• Problem description: The result should be the full listing copied exactly, with no pictures in it.

----

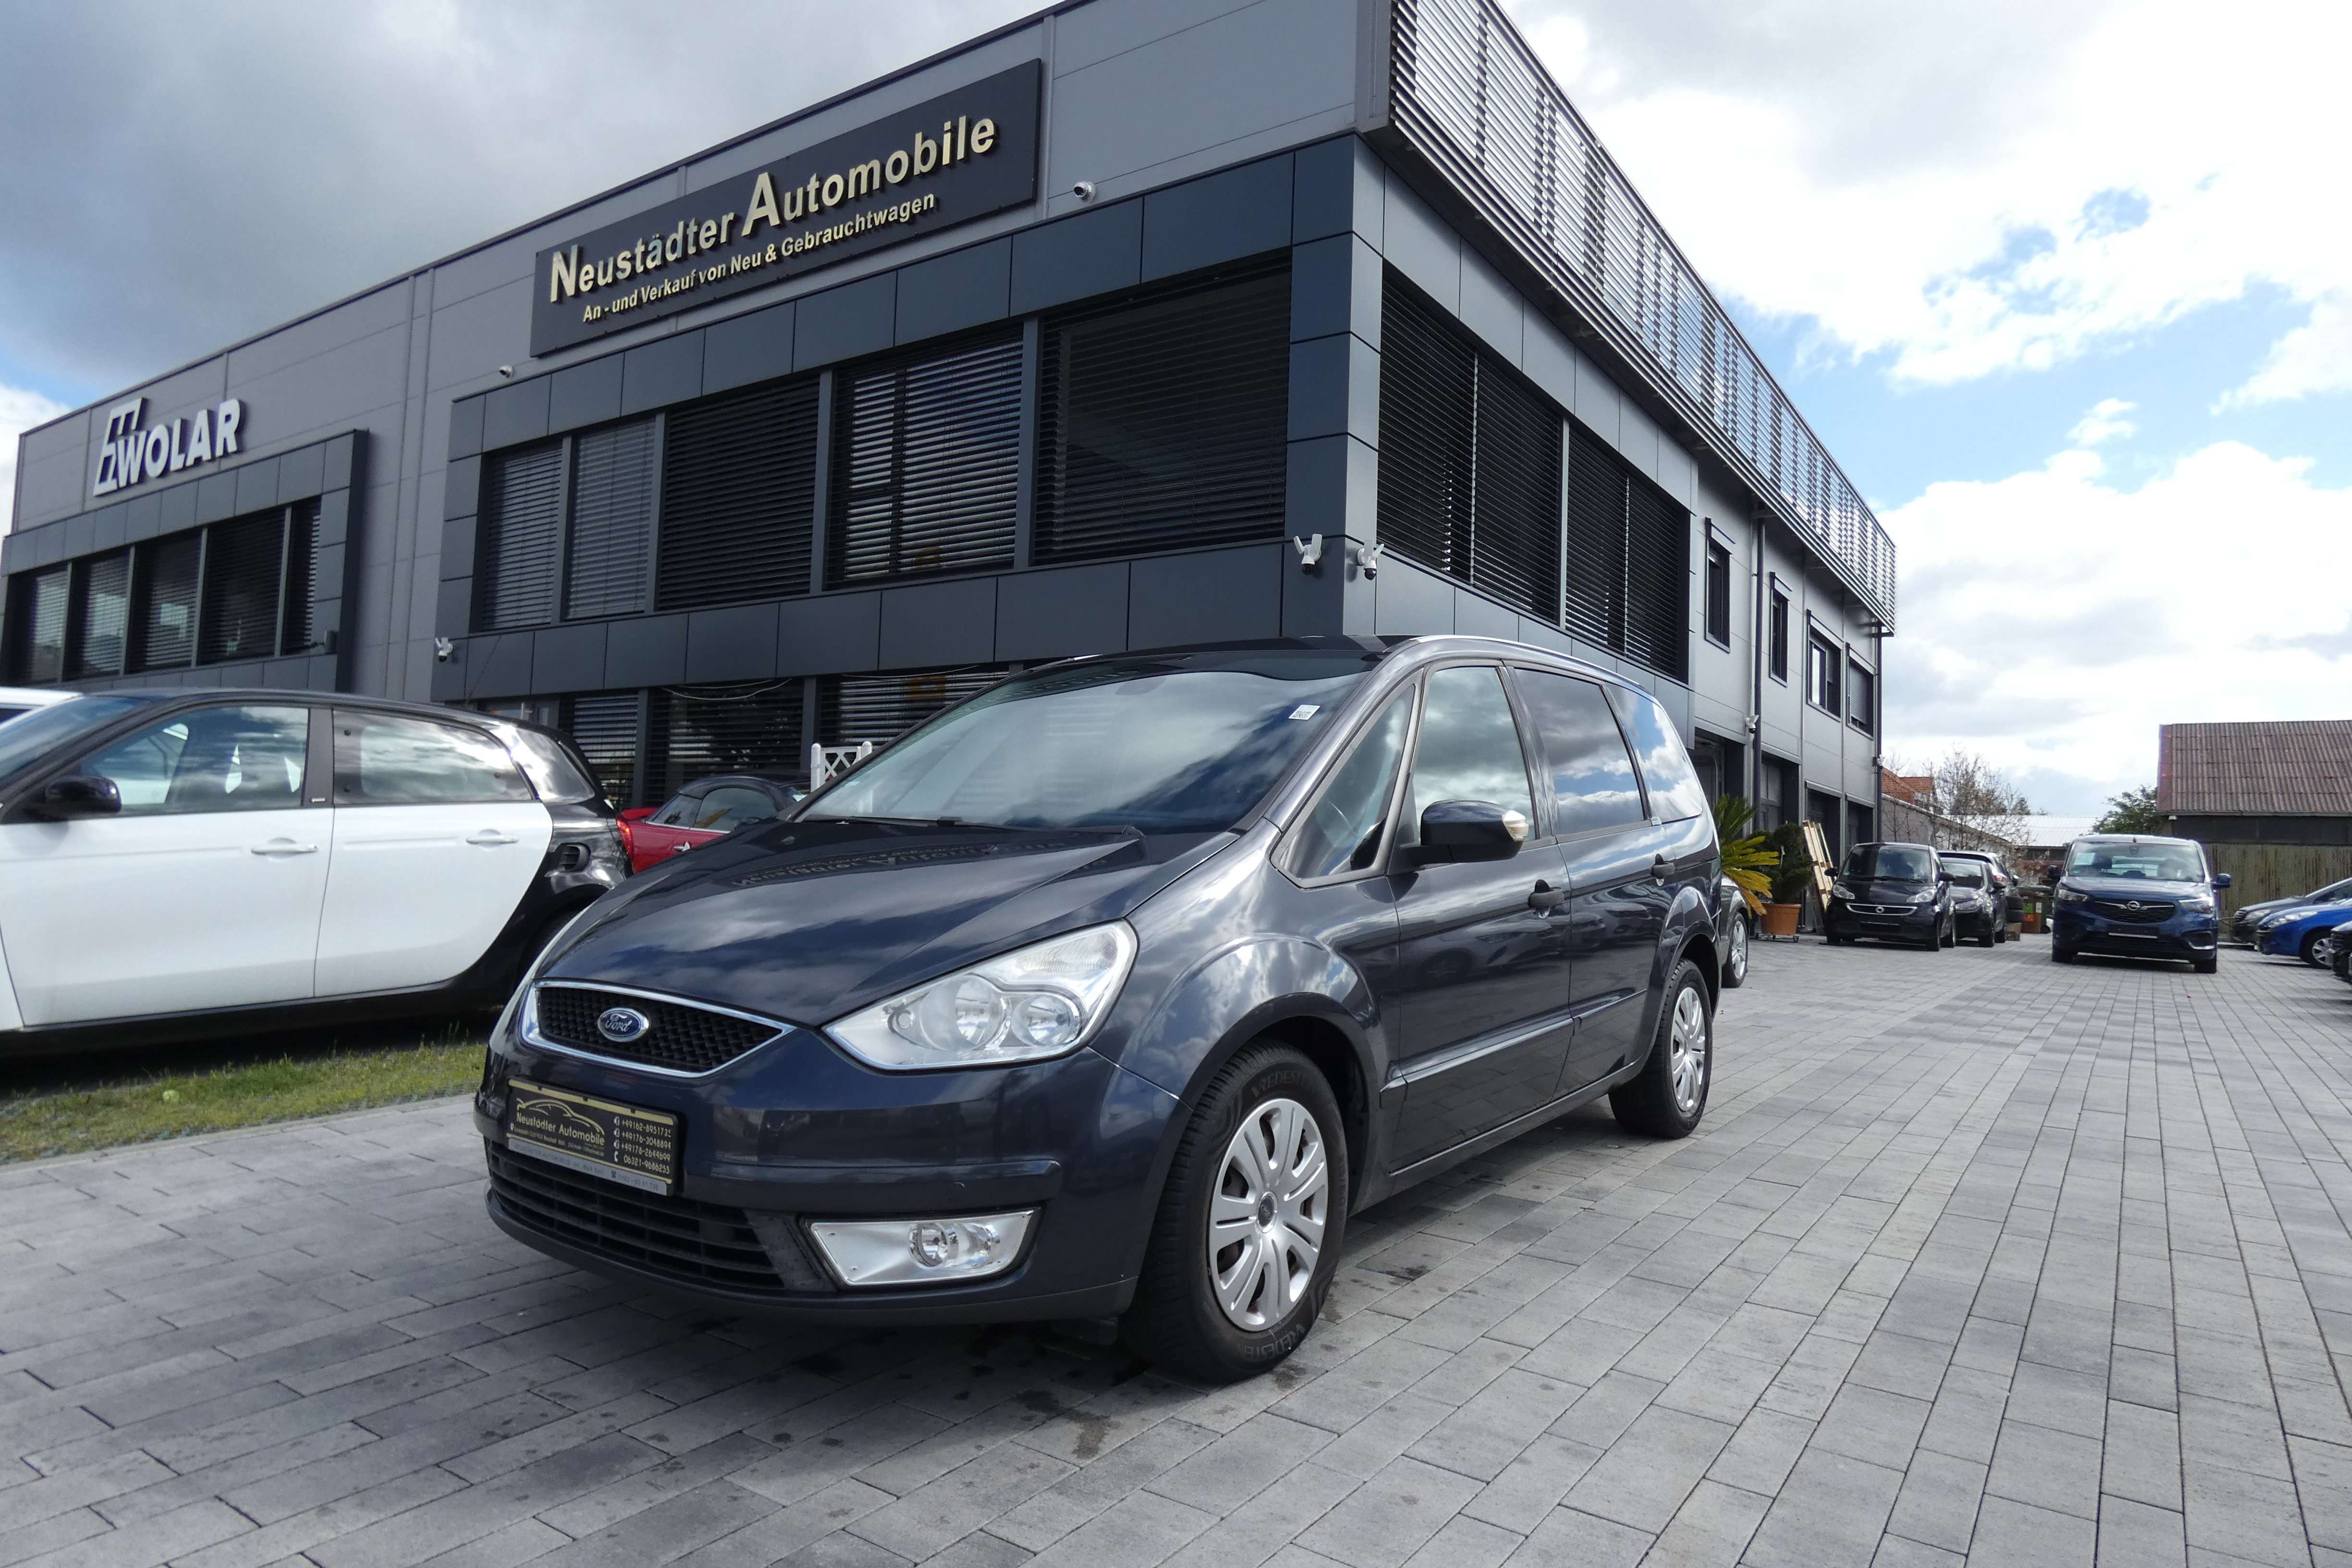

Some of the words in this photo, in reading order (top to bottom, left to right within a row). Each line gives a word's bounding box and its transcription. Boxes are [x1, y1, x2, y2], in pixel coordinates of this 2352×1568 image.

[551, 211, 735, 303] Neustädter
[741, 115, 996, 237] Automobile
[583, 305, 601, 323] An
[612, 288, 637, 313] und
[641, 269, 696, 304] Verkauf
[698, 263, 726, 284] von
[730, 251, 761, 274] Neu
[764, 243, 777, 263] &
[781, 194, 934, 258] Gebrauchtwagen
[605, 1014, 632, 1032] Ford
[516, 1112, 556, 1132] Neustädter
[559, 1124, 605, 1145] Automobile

----

• Final answer:
Some of the words in this photo, in reading order (top to bottom, left to right within a row). Each line gives a word's bounding box and its transcription. Boxes are [x1, y1, x2, y2], in pixel coordinates of this 2352×1568 image.

[551, 211, 735, 303] Neustädter
[741, 115, 996, 237] Automobile
[583, 305, 601, 323] An
[612, 288, 637, 313] und
[641, 269, 696, 304] Verkauf
[698, 263, 726, 284] von
[730, 251, 761, 274] Neu
[764, 243, 777, 263] &
[781, 194, 934, 258] Gebrauchtwagen
[605, 1014, 632, 1032] Ford
[516, 1112, 556, 1132] Neustädter
[559, 1124, 605, 1145] Automobile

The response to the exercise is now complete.